======== DATA EXCERPTS

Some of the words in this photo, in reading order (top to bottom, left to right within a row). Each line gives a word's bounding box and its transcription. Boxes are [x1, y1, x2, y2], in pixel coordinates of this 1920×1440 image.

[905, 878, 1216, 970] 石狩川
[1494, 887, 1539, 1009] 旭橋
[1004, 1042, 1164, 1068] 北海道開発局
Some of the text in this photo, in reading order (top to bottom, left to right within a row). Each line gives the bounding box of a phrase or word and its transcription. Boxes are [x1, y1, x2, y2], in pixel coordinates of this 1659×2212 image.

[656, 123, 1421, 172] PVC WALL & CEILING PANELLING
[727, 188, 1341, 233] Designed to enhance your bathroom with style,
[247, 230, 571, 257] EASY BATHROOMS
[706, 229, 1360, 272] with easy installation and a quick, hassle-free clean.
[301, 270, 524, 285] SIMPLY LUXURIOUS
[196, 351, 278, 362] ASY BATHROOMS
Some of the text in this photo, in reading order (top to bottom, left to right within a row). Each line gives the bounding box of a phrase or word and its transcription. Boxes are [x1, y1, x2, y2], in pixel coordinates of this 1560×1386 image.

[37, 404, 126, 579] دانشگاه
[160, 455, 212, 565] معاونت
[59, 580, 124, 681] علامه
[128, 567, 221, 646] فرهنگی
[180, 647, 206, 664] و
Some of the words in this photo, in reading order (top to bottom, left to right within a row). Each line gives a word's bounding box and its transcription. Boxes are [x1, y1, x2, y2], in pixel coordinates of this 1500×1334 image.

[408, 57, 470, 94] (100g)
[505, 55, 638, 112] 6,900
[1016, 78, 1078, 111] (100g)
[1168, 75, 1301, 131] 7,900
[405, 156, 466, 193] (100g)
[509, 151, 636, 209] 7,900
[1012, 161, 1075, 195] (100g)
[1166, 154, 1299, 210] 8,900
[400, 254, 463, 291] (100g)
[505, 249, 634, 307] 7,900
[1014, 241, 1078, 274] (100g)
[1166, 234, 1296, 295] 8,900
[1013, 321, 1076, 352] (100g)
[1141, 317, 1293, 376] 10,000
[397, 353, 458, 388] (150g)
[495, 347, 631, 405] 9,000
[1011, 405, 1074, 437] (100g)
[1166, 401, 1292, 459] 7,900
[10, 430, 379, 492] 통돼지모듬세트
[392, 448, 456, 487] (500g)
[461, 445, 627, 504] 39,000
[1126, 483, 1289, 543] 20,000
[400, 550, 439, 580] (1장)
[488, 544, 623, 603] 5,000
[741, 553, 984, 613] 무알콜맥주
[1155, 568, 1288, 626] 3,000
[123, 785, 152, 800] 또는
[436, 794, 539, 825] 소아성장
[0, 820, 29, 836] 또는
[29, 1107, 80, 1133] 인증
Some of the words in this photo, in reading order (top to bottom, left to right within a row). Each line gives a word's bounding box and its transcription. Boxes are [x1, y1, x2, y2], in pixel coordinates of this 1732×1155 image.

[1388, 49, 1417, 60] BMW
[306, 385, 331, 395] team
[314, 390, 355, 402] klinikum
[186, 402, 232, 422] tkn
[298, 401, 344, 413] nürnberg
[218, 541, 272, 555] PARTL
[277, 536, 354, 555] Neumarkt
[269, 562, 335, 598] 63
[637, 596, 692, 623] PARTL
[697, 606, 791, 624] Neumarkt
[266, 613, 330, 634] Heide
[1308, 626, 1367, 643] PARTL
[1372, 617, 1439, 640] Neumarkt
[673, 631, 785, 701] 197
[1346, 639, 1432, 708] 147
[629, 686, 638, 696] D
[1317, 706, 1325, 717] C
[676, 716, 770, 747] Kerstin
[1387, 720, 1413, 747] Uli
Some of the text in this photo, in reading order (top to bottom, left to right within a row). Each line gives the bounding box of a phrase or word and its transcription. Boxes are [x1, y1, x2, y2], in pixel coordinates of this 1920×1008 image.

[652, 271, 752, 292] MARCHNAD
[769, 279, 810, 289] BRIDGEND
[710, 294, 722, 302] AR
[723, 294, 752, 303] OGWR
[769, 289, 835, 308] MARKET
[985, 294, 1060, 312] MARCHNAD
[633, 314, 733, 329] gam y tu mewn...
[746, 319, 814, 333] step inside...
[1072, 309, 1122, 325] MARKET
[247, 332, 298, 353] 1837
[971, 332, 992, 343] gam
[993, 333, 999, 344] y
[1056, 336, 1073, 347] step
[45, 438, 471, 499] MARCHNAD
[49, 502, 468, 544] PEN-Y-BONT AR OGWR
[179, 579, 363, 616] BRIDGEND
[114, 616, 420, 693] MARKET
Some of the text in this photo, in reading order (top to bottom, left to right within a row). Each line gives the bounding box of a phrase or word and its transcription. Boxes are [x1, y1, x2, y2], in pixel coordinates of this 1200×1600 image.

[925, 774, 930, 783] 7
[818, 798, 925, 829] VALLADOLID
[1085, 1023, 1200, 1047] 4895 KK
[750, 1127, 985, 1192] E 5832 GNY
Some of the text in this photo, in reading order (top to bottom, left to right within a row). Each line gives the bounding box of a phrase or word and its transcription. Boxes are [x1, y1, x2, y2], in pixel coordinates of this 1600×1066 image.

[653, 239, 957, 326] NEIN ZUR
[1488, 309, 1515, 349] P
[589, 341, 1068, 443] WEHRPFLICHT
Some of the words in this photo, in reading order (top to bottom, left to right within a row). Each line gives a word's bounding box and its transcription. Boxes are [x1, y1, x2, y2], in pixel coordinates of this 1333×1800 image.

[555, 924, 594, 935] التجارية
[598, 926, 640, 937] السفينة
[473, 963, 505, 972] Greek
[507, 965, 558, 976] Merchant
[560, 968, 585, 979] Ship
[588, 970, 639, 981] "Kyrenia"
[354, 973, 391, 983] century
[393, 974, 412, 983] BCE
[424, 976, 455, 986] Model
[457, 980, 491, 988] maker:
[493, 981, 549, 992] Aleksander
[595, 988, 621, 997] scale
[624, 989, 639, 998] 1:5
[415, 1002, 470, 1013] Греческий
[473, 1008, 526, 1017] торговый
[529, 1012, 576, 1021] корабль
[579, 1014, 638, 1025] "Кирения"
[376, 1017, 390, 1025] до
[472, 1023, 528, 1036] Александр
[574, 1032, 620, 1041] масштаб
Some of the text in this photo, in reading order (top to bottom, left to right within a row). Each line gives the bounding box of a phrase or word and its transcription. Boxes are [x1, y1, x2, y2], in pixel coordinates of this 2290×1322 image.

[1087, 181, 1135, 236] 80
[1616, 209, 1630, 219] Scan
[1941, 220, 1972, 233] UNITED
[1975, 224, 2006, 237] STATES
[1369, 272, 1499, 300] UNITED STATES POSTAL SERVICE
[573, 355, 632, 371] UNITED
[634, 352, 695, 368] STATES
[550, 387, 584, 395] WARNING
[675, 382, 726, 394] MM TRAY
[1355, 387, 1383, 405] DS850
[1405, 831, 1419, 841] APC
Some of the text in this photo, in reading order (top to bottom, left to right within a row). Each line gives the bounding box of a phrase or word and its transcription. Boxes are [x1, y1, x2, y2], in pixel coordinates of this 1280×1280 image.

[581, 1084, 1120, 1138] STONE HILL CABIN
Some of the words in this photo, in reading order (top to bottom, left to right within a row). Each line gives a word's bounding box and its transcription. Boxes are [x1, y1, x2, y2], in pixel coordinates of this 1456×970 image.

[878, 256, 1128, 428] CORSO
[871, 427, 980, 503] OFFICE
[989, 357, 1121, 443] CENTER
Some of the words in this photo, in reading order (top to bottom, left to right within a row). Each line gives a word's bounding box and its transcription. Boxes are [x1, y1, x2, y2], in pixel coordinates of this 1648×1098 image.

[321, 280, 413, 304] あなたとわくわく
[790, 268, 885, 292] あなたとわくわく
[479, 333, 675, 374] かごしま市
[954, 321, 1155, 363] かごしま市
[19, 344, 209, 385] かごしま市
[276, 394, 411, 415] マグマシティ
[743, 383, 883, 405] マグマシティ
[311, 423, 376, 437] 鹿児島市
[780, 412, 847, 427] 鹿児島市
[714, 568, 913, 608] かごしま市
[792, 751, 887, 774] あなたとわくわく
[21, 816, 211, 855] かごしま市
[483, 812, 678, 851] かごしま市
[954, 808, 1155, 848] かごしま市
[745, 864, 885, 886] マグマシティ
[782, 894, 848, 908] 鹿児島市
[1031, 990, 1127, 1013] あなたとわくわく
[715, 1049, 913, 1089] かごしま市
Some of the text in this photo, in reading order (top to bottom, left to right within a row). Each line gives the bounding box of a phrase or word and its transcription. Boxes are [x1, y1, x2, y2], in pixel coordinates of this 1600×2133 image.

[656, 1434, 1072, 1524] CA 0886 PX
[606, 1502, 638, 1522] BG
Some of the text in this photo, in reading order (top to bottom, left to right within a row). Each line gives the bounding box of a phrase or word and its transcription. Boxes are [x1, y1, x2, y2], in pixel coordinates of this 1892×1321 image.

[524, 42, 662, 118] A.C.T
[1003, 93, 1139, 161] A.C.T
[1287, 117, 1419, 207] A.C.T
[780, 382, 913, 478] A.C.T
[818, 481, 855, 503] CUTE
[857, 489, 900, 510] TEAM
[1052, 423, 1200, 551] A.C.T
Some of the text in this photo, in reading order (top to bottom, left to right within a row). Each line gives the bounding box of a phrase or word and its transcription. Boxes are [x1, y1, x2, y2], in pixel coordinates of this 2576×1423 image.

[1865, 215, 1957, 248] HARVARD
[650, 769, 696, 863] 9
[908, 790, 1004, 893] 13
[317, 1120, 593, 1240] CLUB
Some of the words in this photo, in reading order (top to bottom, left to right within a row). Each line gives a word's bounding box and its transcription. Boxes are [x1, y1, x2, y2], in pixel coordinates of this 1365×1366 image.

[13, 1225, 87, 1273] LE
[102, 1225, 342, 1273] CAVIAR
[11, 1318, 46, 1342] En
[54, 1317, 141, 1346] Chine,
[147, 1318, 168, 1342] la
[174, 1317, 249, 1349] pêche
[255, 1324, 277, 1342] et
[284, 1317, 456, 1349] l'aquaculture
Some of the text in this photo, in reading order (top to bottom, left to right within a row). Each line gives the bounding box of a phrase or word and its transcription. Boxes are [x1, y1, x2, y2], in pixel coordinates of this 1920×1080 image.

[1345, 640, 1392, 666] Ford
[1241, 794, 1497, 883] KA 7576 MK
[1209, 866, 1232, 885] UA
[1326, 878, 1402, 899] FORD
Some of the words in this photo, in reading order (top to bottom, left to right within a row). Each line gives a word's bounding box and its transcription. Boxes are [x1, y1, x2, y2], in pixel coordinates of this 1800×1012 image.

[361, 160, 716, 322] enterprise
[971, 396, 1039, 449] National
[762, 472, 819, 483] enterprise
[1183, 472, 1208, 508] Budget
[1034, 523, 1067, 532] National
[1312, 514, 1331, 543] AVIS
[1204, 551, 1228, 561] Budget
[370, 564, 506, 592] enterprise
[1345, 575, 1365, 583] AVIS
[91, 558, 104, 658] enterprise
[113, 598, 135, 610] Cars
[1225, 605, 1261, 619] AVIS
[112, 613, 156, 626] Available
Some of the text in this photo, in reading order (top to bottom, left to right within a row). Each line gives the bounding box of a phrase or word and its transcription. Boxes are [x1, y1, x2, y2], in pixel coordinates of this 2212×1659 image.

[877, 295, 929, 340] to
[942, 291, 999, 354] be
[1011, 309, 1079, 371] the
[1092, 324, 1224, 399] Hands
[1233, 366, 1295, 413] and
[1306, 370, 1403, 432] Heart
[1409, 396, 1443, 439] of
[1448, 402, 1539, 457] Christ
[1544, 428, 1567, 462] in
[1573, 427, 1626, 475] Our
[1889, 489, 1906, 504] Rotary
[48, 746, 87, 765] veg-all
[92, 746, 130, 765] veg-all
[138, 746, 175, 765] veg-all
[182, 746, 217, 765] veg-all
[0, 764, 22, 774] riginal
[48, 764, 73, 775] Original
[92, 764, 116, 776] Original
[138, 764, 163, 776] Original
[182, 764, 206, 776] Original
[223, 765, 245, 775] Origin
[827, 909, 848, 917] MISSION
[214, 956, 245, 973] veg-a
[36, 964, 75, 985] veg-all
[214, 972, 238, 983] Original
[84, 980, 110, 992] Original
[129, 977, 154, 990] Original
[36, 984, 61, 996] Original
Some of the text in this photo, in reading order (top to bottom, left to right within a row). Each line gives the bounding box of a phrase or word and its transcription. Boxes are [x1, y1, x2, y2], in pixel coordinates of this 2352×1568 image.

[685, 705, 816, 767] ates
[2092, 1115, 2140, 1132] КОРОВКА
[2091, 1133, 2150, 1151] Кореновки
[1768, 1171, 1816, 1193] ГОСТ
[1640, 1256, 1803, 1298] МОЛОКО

================

Give back, unchanged, the line that holds "this 2352×1568 image." along with all lines after it through the last line above.

Some of the text in this photo, in reading order (top to bottom, left to right within a row). Each line gives the bounding box of a phrase or word and its transcription. Boxes are [x1, y1, x2, y2], in pixel coordinates of this 2352×1568 image.

[685, 705, 816, 767] ates
[2092, 1115, 2140, 1132] КОРОВКА
[2091, 1133, 2150, 1151] Кореновки
[1768, 1171, 1816, 1193] ГОСТ
[1640, 1256, 1803, 1298] МОЛОКО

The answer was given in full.